Task instructions: Every entry is to be copied exactly as written, and the pictures are to be skipped.

[Records to use — start]

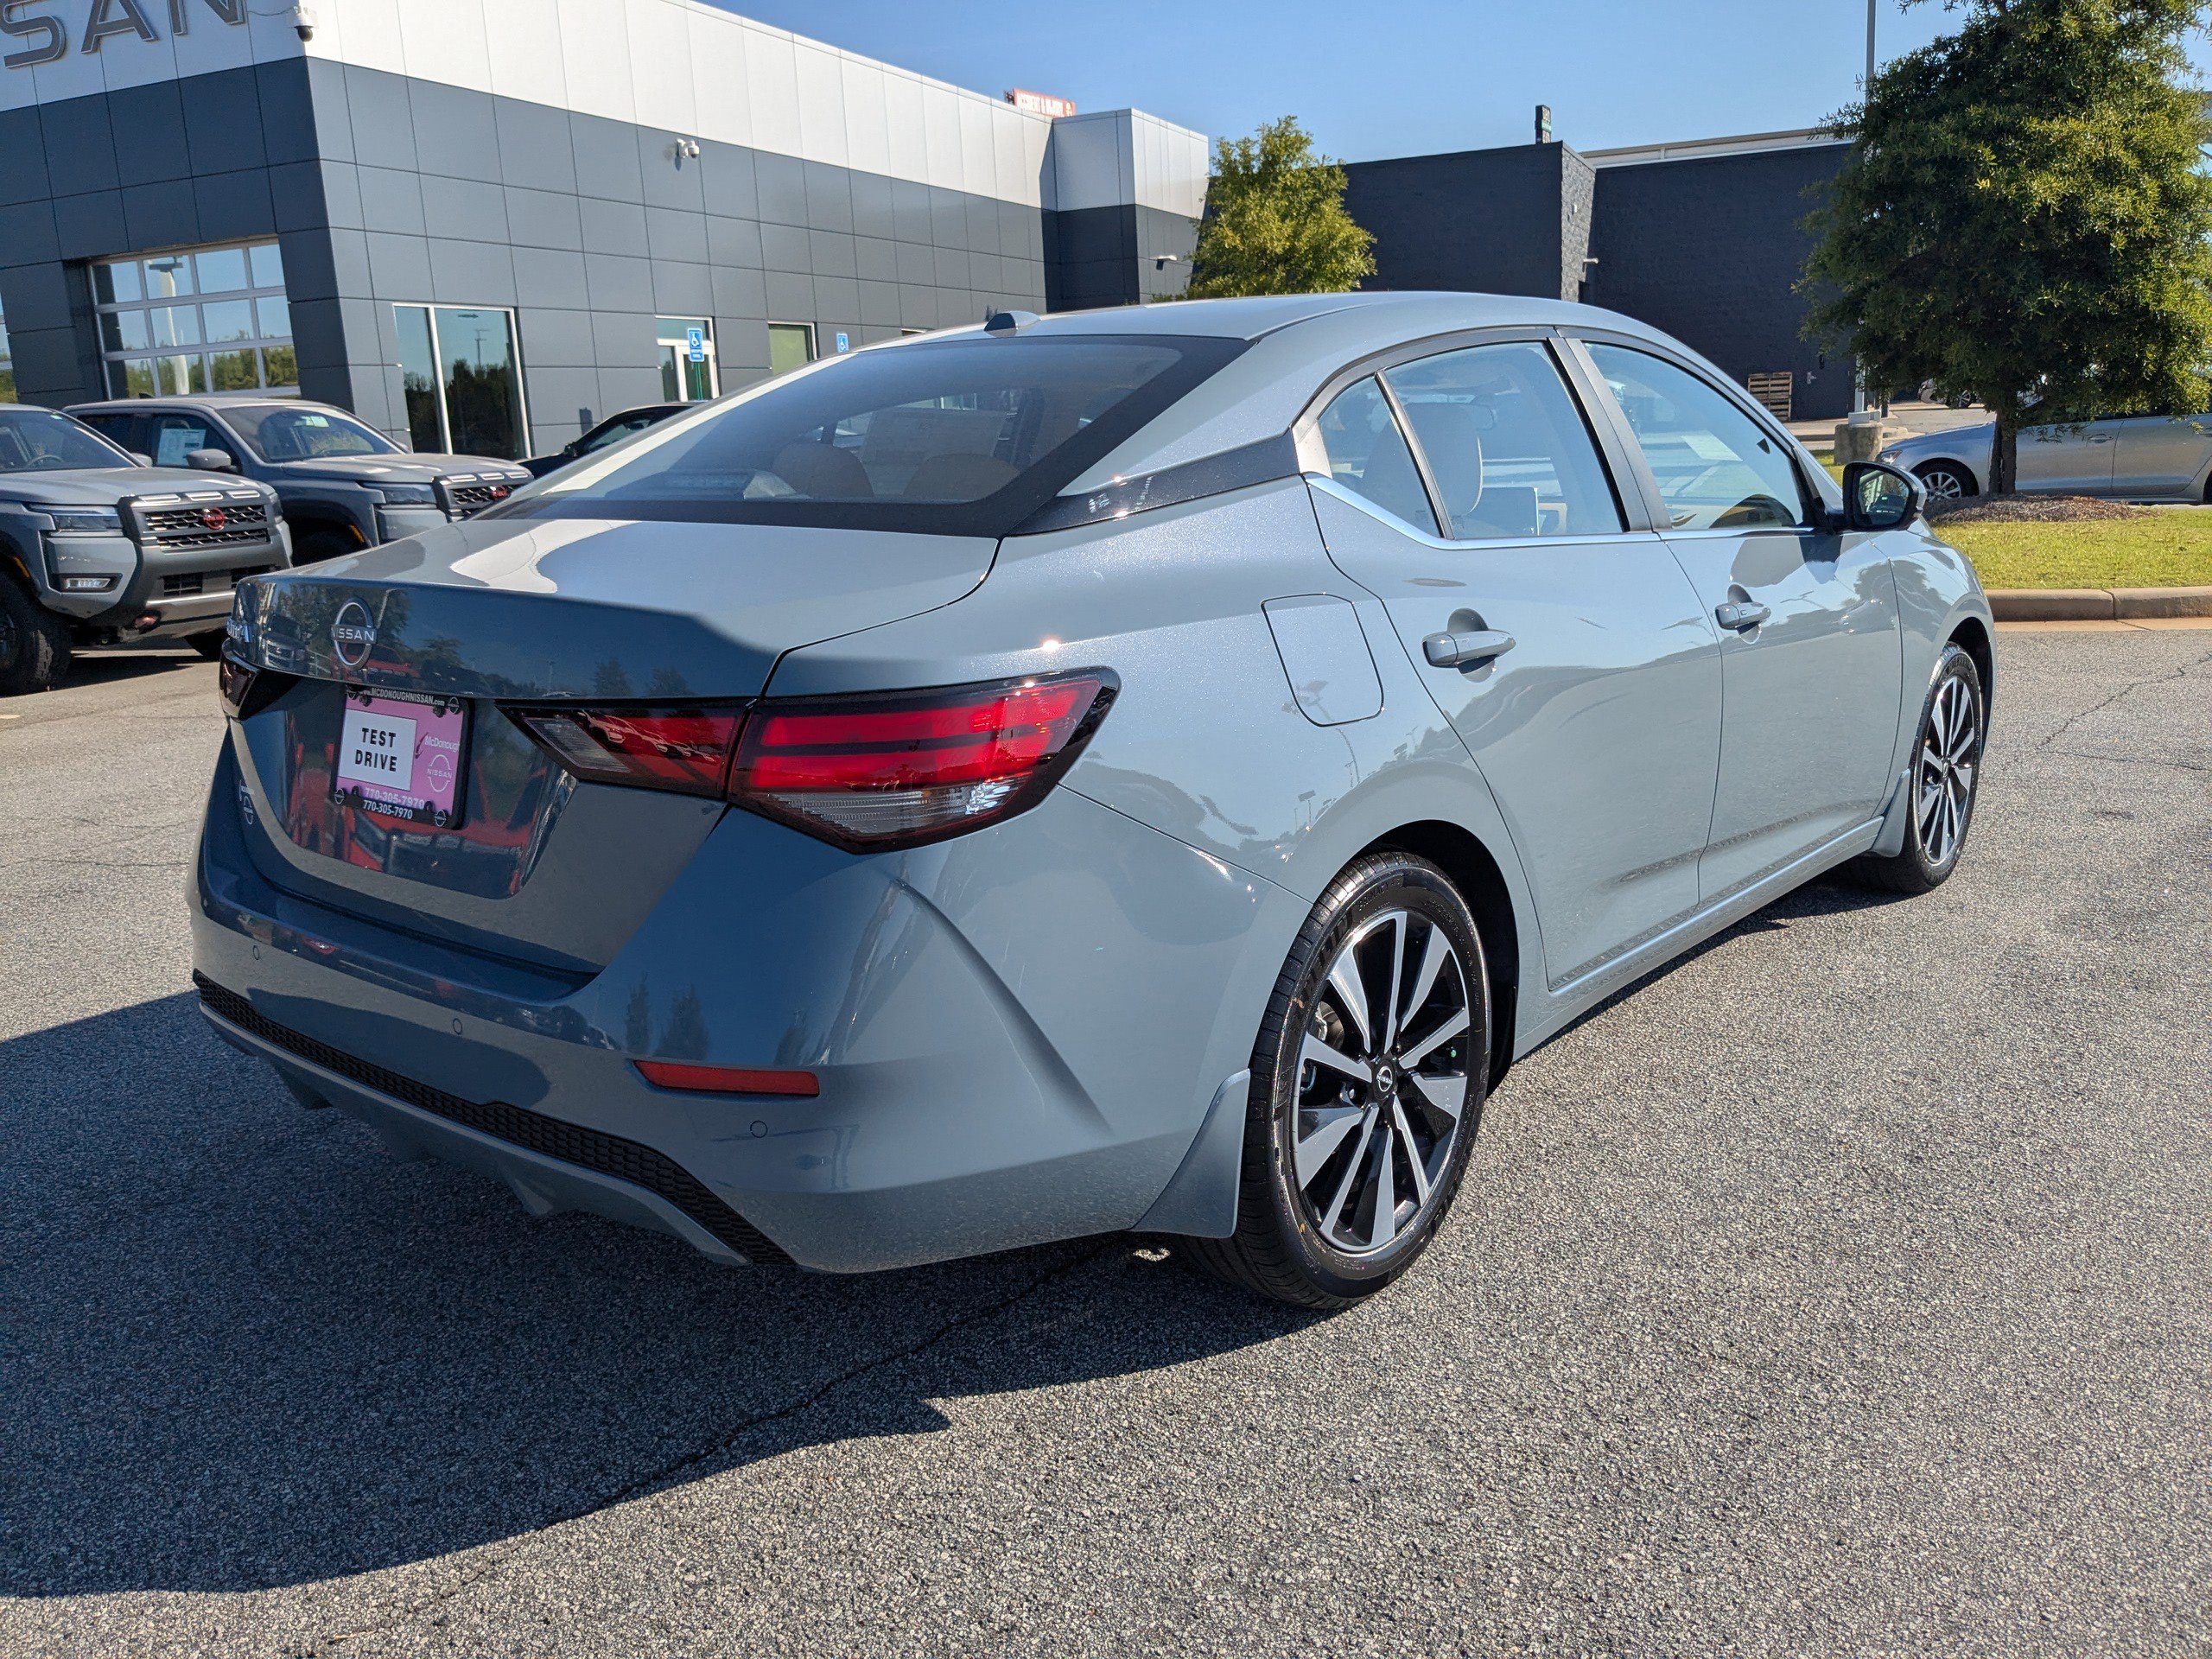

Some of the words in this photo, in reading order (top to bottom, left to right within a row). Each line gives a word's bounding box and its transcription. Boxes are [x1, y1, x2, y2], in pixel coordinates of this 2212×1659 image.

[331, 626, 375, 641] NISSAN
[361, 727, 397, 748] TEST
[354, 749, 397, 772] DRIVE
[365, 787, 425, 809] 770-305-7970
[363, 799, 413, 820] 770-305-7970
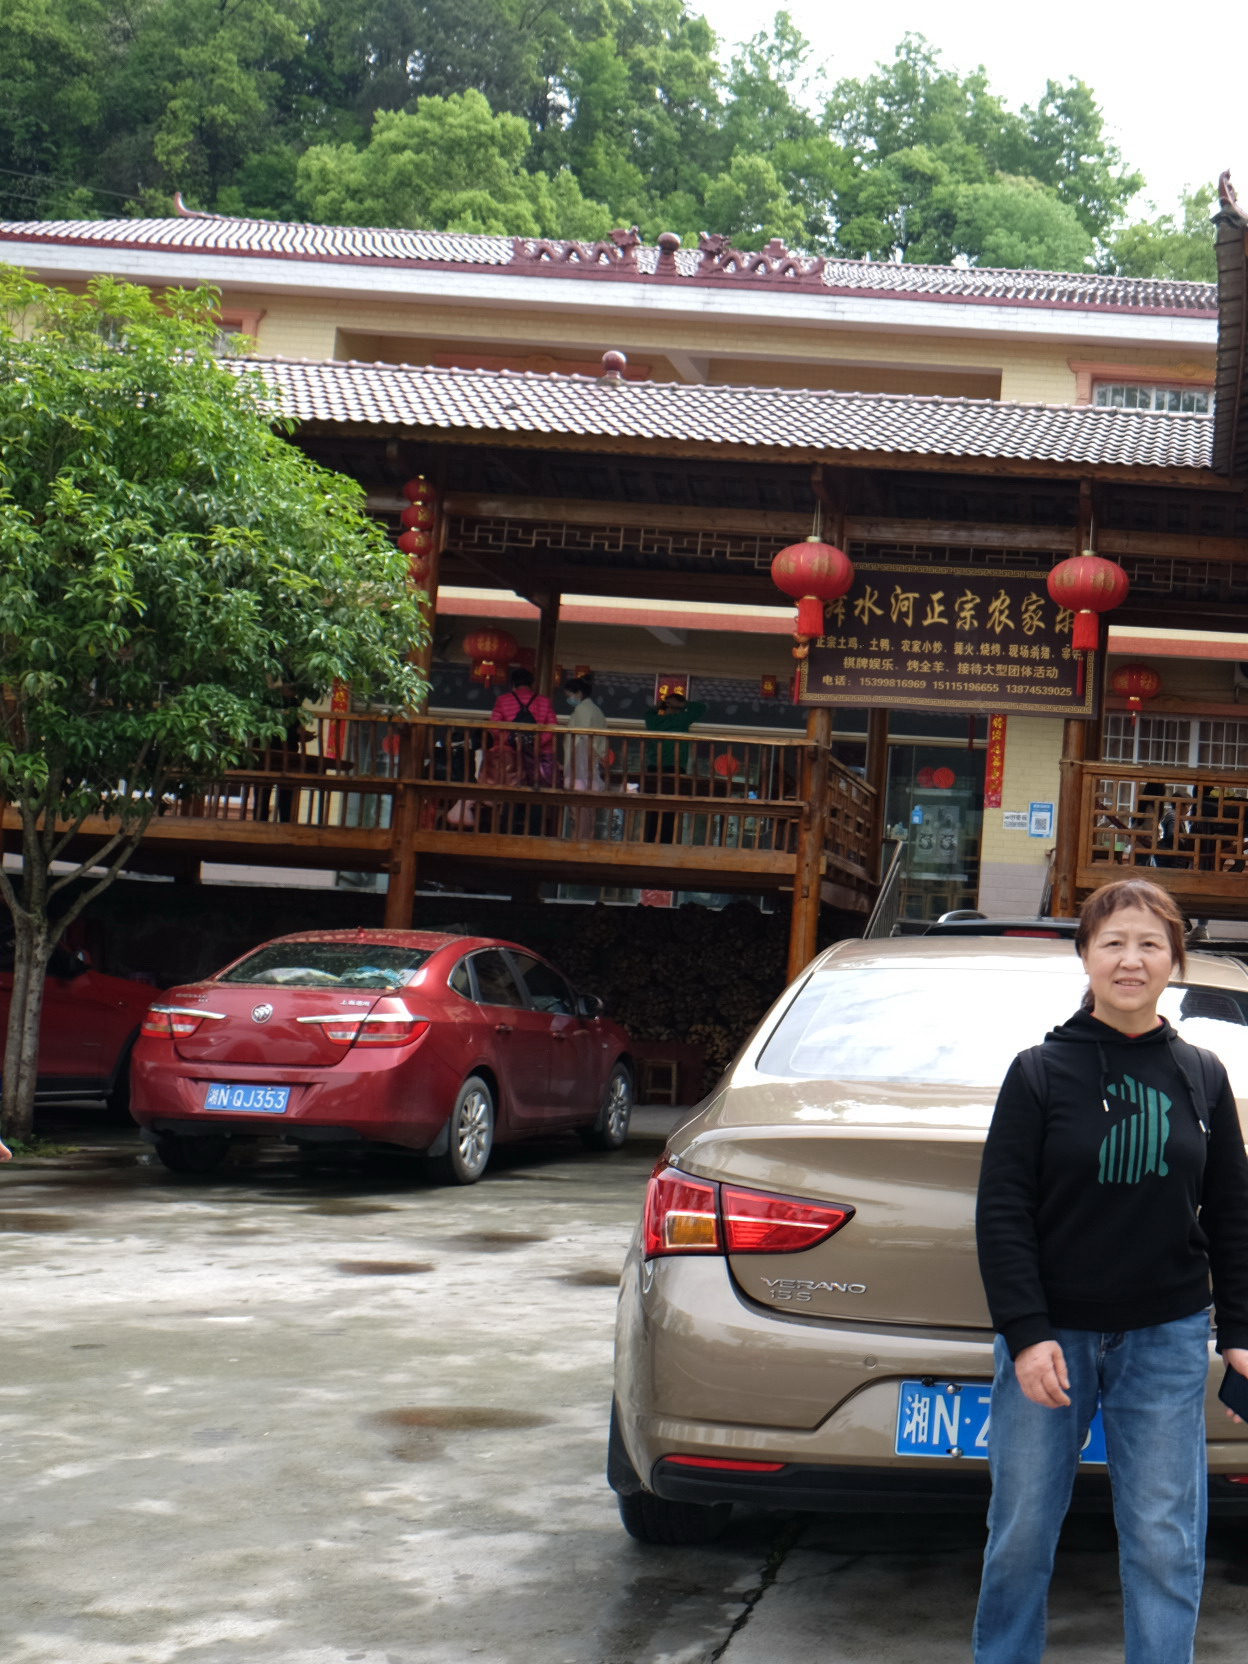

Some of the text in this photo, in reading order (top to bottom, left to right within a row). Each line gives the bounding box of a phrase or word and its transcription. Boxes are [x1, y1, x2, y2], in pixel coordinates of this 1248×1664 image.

[859, 677, 926, 689] 15399816969
[932, 680, 999, 693] 15115196655
[1005, 683, 1072, 697] 13874539025
[760, 1276, 867, 1294] VERANO

[Records to use — finish]

Task response:
Some of the words in this photo, in reading order (top to bottom, left to right within a row). Each line gives a word's bounding box and its transcription. Boxes are [x1, y1, x2, y2], in pixel coordinates of this 2212×1659 image.

[331, 626, 375, 641] NISSAN
[361, 727, 397, 748] TEST
[354, 749, 397, 772] DRIVE
[365, 787, 425, 809] 770-305-7970
[363, 799, 413, 820] 770-305-7970

Some of the text in this photo, in reading order (top to bottom, left to right within a row). Each line gives the bounding box of a phrase or word and its transcription. Boxes are [x1, y1, x2, y2], in pixel coordinates of this 1248×1664 image.

[859, 677, 926, 689] 15399816969
[932, 680, 999, 693] 15115196655
[1005, 683, 1072, 697] 13874539025
[760, 1276, 867, 1294] VERANO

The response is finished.